GÜNDEM 06.02.2017, 09:36 06.02.2017, 09:36
CHP'li Tanrukulu'dan kritik soru:'Ekran karartma' uygulamasına, 'Sansür tebligatı' ile geri mi dönülmüştür?

 

 

CHP PM Üyesi ve İstanbul Milletvekili Sezgin Tanrıkulu,  Başbakan Yıldırım'ın yanıtması için verdiği önergede" KHK’de “Program Durdurma” yaptırımından söz edildiği, ancak, Üst Kurul Bürokratlarının bunu ‘ekran karartmaya’ dönüştürerek, bu görüşlerini yayın kuruluşu yetkililerini "Üst Kurul"a çağırarak, tehdit niteliğinde bir toplantı yaptıkları iddiası doğru mudur?" sorularını sordu.

 

İşte Sezgin Tanrıkulu'nun o soru önergesi:

 

TÜRKİYE BÜYÜK MİLLET MECLİSİ BAŞKANLIĞINA 

 

 Aşağıdaki sorularımın Başbakan Sayın Binali YILDIRIM tarafından yazılı olarak yanıtlanmasını arz ederim.

 

 

 

Dr. M. Sezgin TANRIKULU

İstanbul Milletvekili

 

Yayın yasaklarına uymayan TV kanallarının kapatılmasını düzenleyen KHK’nın ardından TV kanallarının yöneticilerinin Başbakanlık talimatı ile RTÜK’e çağrıldığı ve yöneticilerin olağanüstü dönemlerde yayınların nasıl yapılması gerektiğine ilişkin bilgilendirildiği haberleri basına yansımıştır. Olay yerinin görüntüsü, ambulans ve itfaiye görüntüsü, tanık anlatımları, görevlilerin çalışması görüntüleri ile olaya ilişkin eleştiri ve yorum, olayın sıcaklığı geçmesine karşın “sıcak haber” ve “son dakika” yazılarının gösterilmeyeceği, spikerlerin ve muhabirlerin “ajitasyon içeren abartılı ifadeler” kullanamayacağı, olayın nerede yaşandığına dair bilgi ve hatta olayın nerede yaşandığına dair harita bile verilemeyeceği, terör olayları ile ilgili sadece resmi makamların açıklamaları ve görüntü içermeyen alt yazıların yasak kapsamına girmeyeceği yine basına yansıyan haberler arasındadır.

 

Bu bağlamda;

1.     Freedom House'un açıkladığı Dünyada Özgürlükler Raporu'nda, Türkiye'nin 2016 yılında özgürlüklerin en çok gerilediği ülke olduğu ifade edilmiş ve toplam 195 ülkenin ele alındığı raporda, son 10 yılda Türkiye, Orta Afrika Cumhuriyeti'nin ardından Gambiya ile özgürlüğün en şiddetli düştüğü ülkelerden olmuş, Türkiye’nin 2016 yılında 15 puan kaybettiği kaydedilirken, son 10 yılda ise puan kaybının 28 olduğu belirtilmiştir. Yayın yasaklarına uymayan TV kanallarının kapatılmasını düzenleyen KHK’nın ardından TV kanallarının yöneticilerinin Başbakanlık talimatı ile RTÜK’e çağrılarak yöneticilerin olağanüstü dönemlerde yayınların nasıl yapılması gerektiğine ilişkin bilgilendirilmesi, Türkiye'nin 2016 yılında özgürlükler konusunda en çok gerileyen ülke olmasının somut gerekçelerinden biri değil midir?
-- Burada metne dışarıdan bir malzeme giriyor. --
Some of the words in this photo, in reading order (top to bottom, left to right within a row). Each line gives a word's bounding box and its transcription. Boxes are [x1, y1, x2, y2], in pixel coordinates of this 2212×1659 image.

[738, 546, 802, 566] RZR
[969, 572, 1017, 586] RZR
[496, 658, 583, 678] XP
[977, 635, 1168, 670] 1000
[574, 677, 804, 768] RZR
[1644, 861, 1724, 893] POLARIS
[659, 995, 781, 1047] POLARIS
2.    Olay yerinin görüntüsü, ambulans ve itfaiye görüntüsü, tanık anlatımları, görevlilerin çalışması görüntüleri ile olaya ilişkin eleştiri ve yorum, olayın sıcaklığı geçmesine karşın “sıcak haber” ve “son dakika” yazılarının gösterilmemesi, spikerlerin ve muhabirlerin “ajitasyon içeren abartılı ifadeler” kullanamaması, olayın nerede yaşandığına dair bilgi ve hatta olayın nerede yaşandığına dair harita bile verilememesi ile vatandaşların "Bilgi Edinme Hakkı" ihlal edilmemekte midir? 
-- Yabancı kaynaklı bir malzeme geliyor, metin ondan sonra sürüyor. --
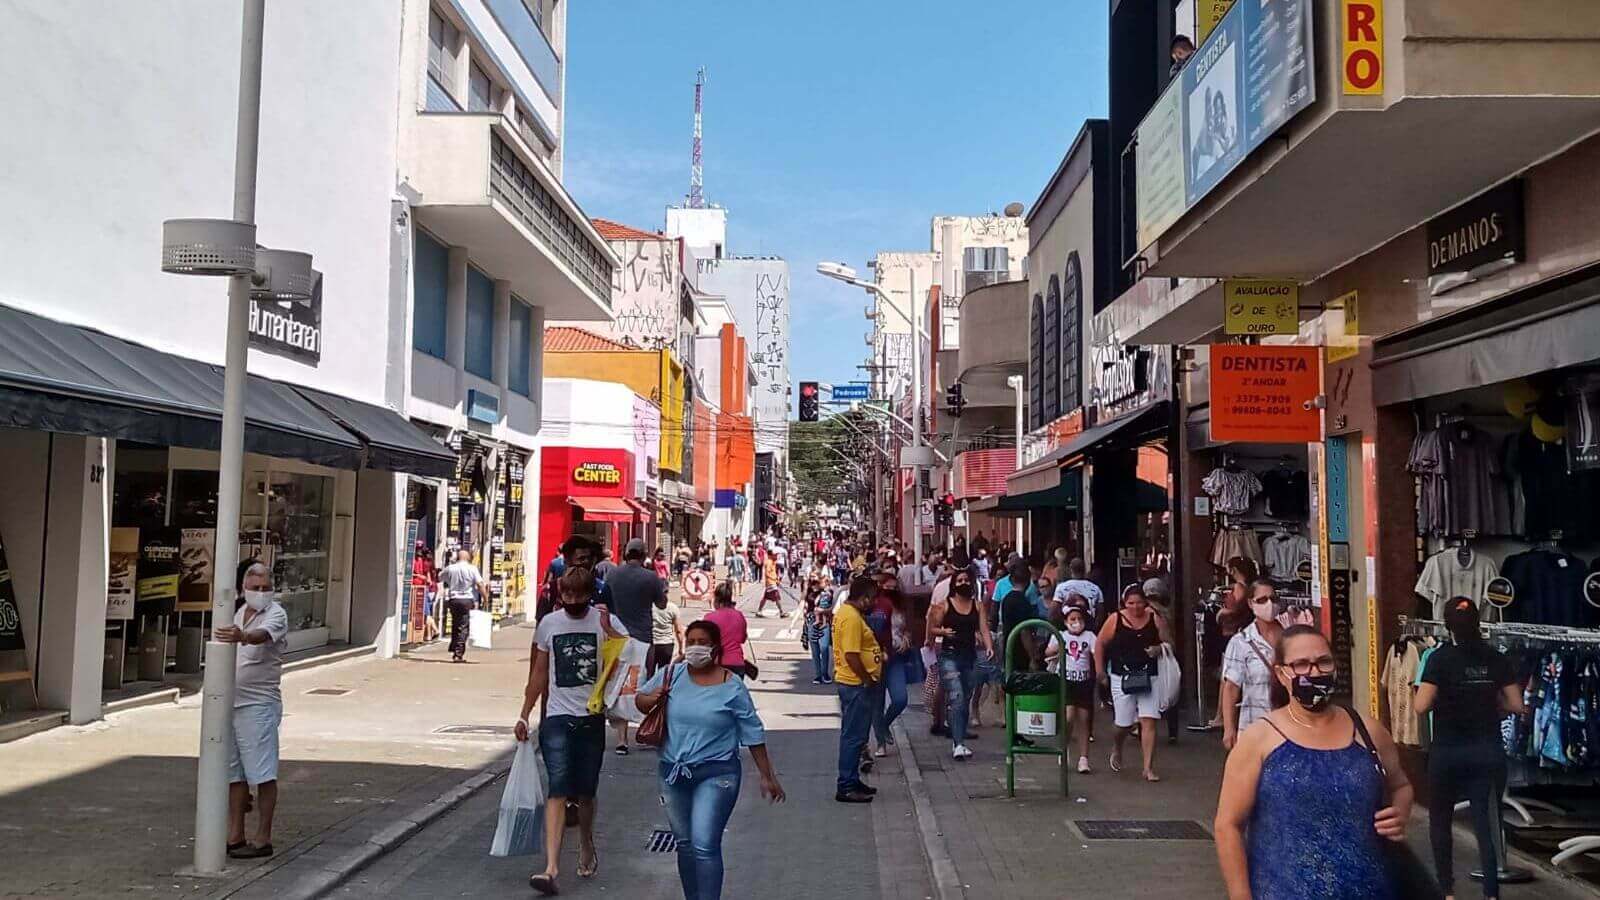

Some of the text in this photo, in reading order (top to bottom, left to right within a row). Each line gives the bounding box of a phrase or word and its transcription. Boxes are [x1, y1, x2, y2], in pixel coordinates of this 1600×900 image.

[1196, 29, 1228, 84] DENTISTA
[1431, 212, 1498, 269] DEMANOS
[1252, 306, 1266, 315] DE
[1247, 323, 1276, 333] OURO
[1221, 356, 1308, 372] DENTISTA
[1253, 378, 1287, 387] ANDAR
[583, 462, 598, 470] FAST
[574, 467, 620, 484] CENTER
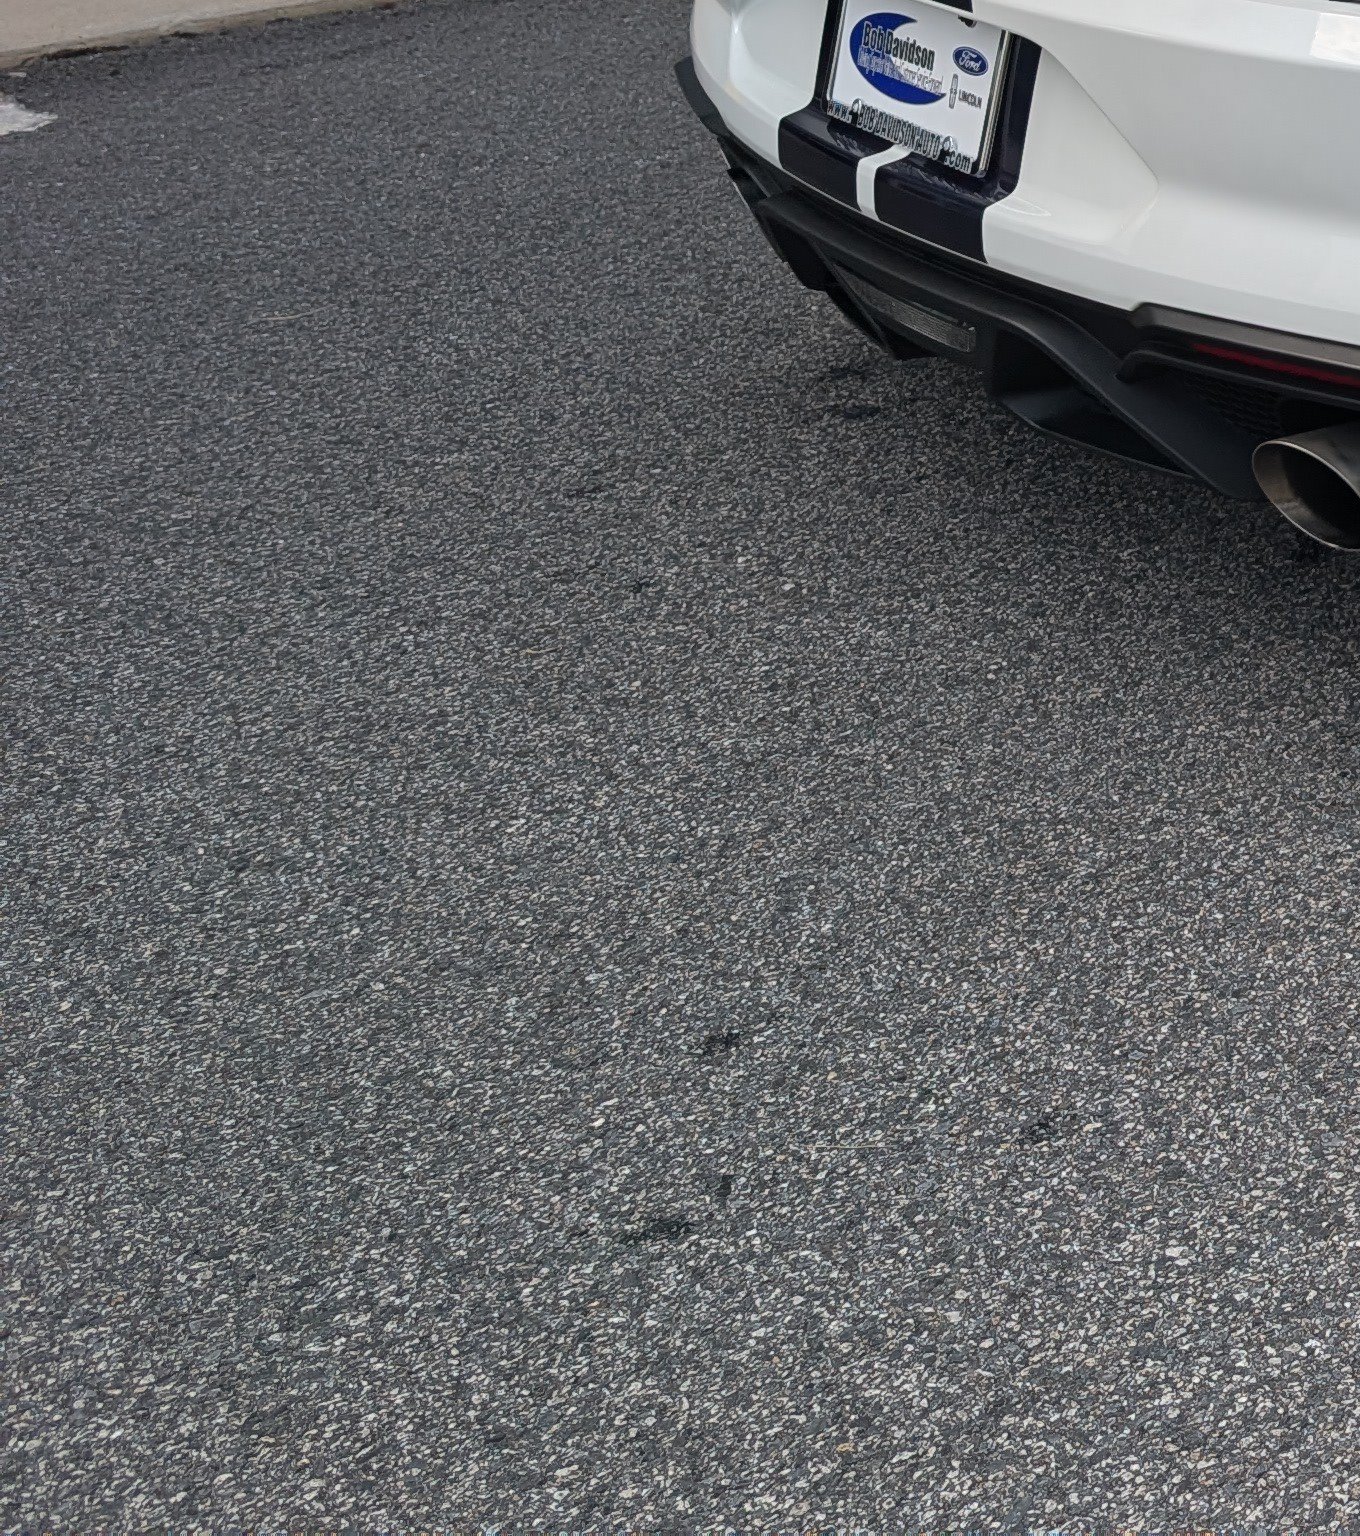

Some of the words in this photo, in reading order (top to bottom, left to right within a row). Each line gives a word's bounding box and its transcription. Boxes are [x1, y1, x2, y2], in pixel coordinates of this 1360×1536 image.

3.    Türkiye'de son 1.5 yılda yaşanan terör saldırıları ve patlamaların her biri sonrası etkili, sürekli ve somut güvenlik önlemleri alınması gerekirken, AKP Hükümeti tarafından yayın yasakları getirilmiş ve vatandaşların "Bilgi Edinme Hakkı" ihlal edilmiştir. Şimdi ise,  Başbakanlık talimatı ile TV kanallarının yöneticilerinin RTÜK’e çağrılarak yöneticilerin olağanüstü dönemlerde yayınların nasıl yapılması gerektiğine ilişkin bilgilendirilmesi ile vatandaşların gerçeği öğrenmesinin önüne geçilmesi mi amaçlanmaktadır?

4.    “Ekran karartma” uygulamasına“Sansür tebligatı” ile geri mi dönülmüştür?

5.    AKP Hükümetinin çıkardığı OHAL Kanun Hükmünde Kararnamesi ile terör saldırıları ve toplumsal olayların ardından alınan yayın yasağı kararlarının içeriği ve yasağın ihlali halinde uygulanacak ceza hükümleri ne şekilde genişletilmiştir? Yayın yasaklarına uyulmaması halinde tüm kanalların kapatılacağı iddiası doğru mudur?

6.    KHK’de “Program Durdurma” yaptırımından söz edildiği, ancak,  Üst Kurul Bürokratlarının bunu ‘ekran karartmaya’ dönüştürerek, bu görüşlerini yayın kuruluşu yetkililerini "Üst Kurul"a çağırarak, tehdit niteliğinde bir toplantı yaptıkları iddiası doğru mudur? 

7.    TV kanallarına “yasak tebliğinin” yapıldığı toplantıda itiraz seslerinin yükseldiği,  bazı TV yöneticilerinin, “Bu yasaklar olsaydı, 15 Temmuz gecesi yayın yapamayacaktık. Meclis’in bombalanmasını haberleştiremeyecektik.” dediği iddiaları doğru mudur?

8.    2002 yılında "ekran karartma" uygulamasına AB normlarına uyum gerekçesi ile son verilirken, şimdi yapılan "sansür tebligatı" ile AB normlarına uyum göz ardı mı edilmektedir?

9.    Türkiye'de olağanüstü dönemlerde, TV kanalları, olay ile ilgili haberler vermek yerine hayvan belgeselleri, evlendirme programları, yarışmalar vb. programlar mı yayınlayacaktır?